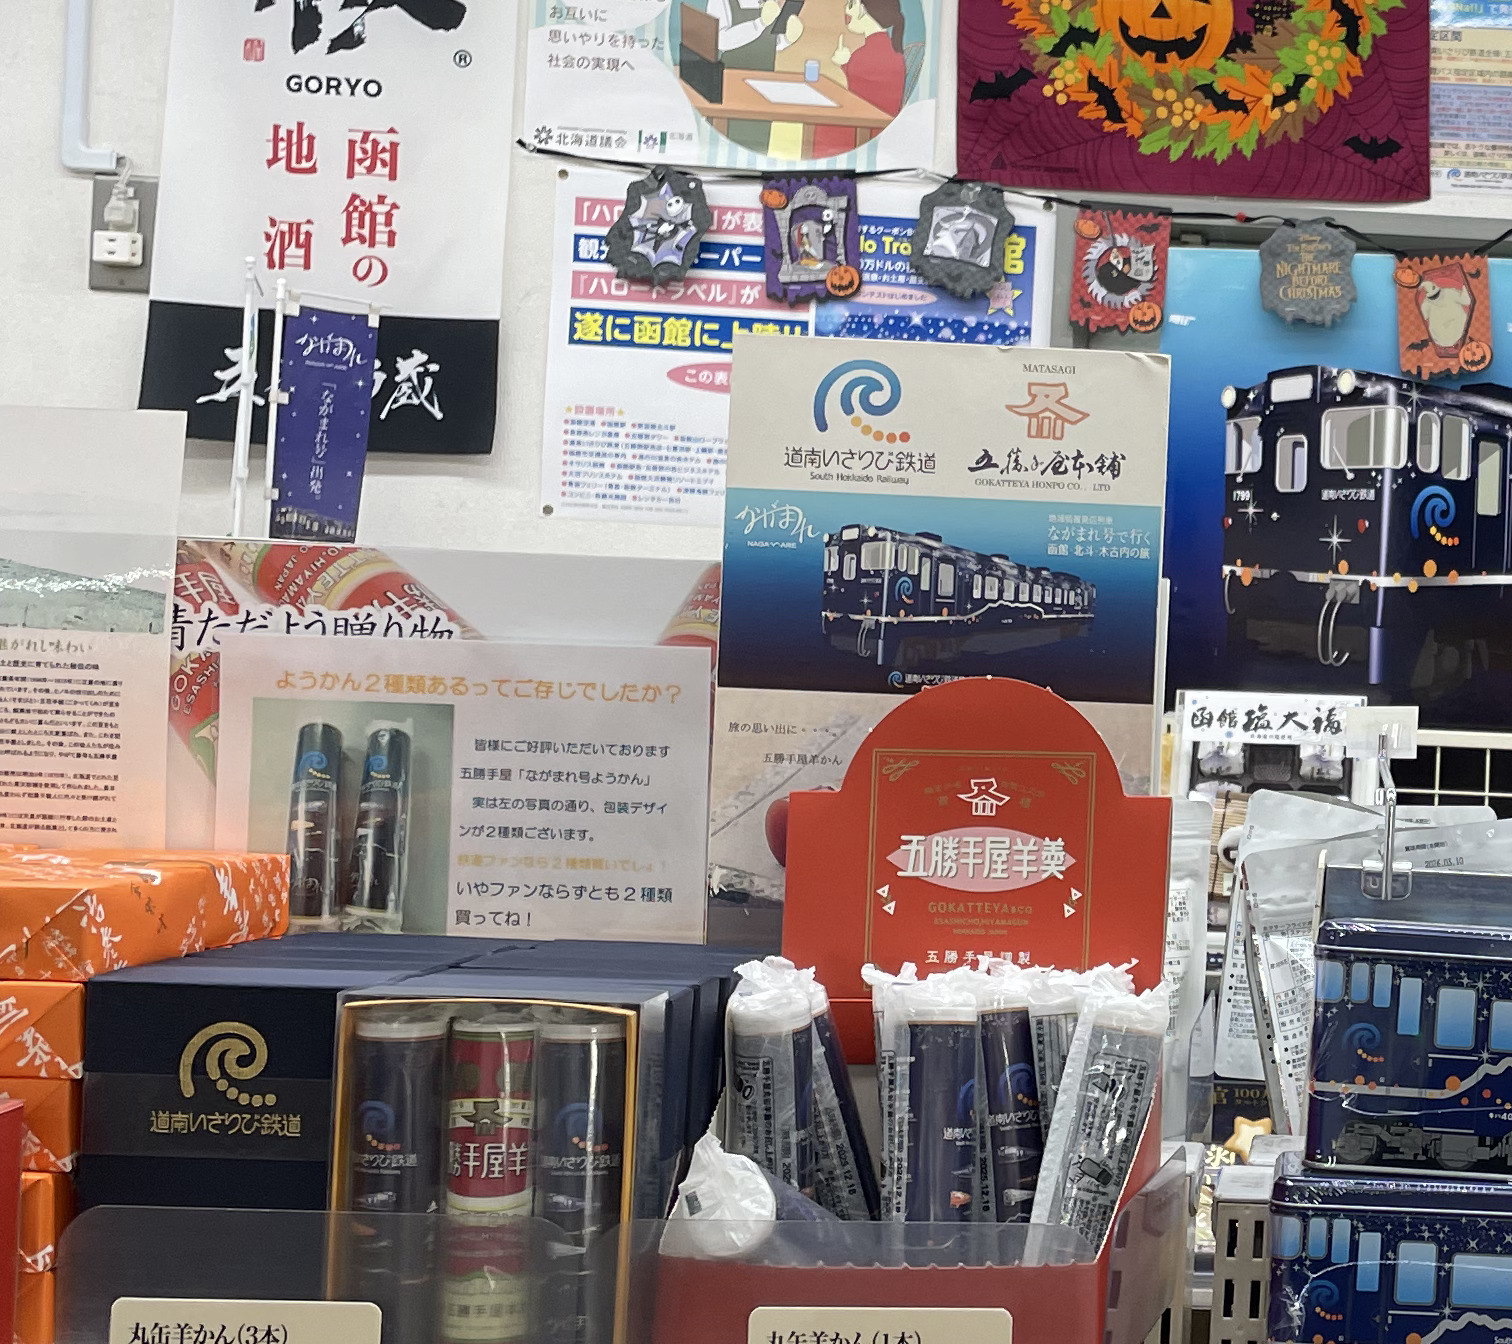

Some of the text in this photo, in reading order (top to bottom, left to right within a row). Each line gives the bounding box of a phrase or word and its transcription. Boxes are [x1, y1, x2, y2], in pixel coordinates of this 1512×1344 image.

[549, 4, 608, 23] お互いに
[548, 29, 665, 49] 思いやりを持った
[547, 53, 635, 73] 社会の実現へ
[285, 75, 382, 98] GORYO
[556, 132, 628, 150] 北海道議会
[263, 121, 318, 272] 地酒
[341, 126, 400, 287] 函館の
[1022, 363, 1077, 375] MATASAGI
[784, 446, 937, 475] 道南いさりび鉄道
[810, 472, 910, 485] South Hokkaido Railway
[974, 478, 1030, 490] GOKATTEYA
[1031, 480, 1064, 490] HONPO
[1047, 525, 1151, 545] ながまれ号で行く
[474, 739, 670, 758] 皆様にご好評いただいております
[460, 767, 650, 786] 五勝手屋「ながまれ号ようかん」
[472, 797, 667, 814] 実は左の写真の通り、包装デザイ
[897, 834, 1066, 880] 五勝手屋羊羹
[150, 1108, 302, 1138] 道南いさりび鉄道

◆ ◆ ◆ ◆ ◆ ◆ ◆

Brief: Line by line, print the records exactly, leaving the pictures behind.

Task answer:
Some of the text in this photo, in reading order (top to bottom, left to right within a row). Each line gives the bounding box of a phrase or word and its transcription. Boxes are [x1, y1, x2, y2], in pixel coordinates of this 1512×1344 image.

[549, 4, 608, 23] お互いに
[548, 29, 665, 49] 思いやりを持った
[547, 53, 635, 73] 社会の実現へ
[285, 75, 382, 98] GORYO
[556, 132, 628, 150] 北海道議会
[263, 121, 318, 272] 地酒
[341, 126, 400, 287] 函館の
[1022, 363, 1077, 375] MATASAGI
[784, 446, 937, 475] 道南いさりび鉄道
[810, 472, 910, 485] South Hokkaido Railway
[974, 478, 1030, 490] GOKATTEYA
[1031, 480, 1064, 490] HONPO
[1047, 525, 1151, 545] ながまれ号で行く
[474, 739, 670, 758] 皆様にご好評いただいております
[460, 767, 650, 786] 五勝手屋「ながまれ号ようかん」
[472, 797, 667, 814] 実は左の写真の通り、包装デザイ
[897, 834, 1066, 880] 五勝手屋羊羹
[150, 1108, 302, 1138] 道南いさりび鉄道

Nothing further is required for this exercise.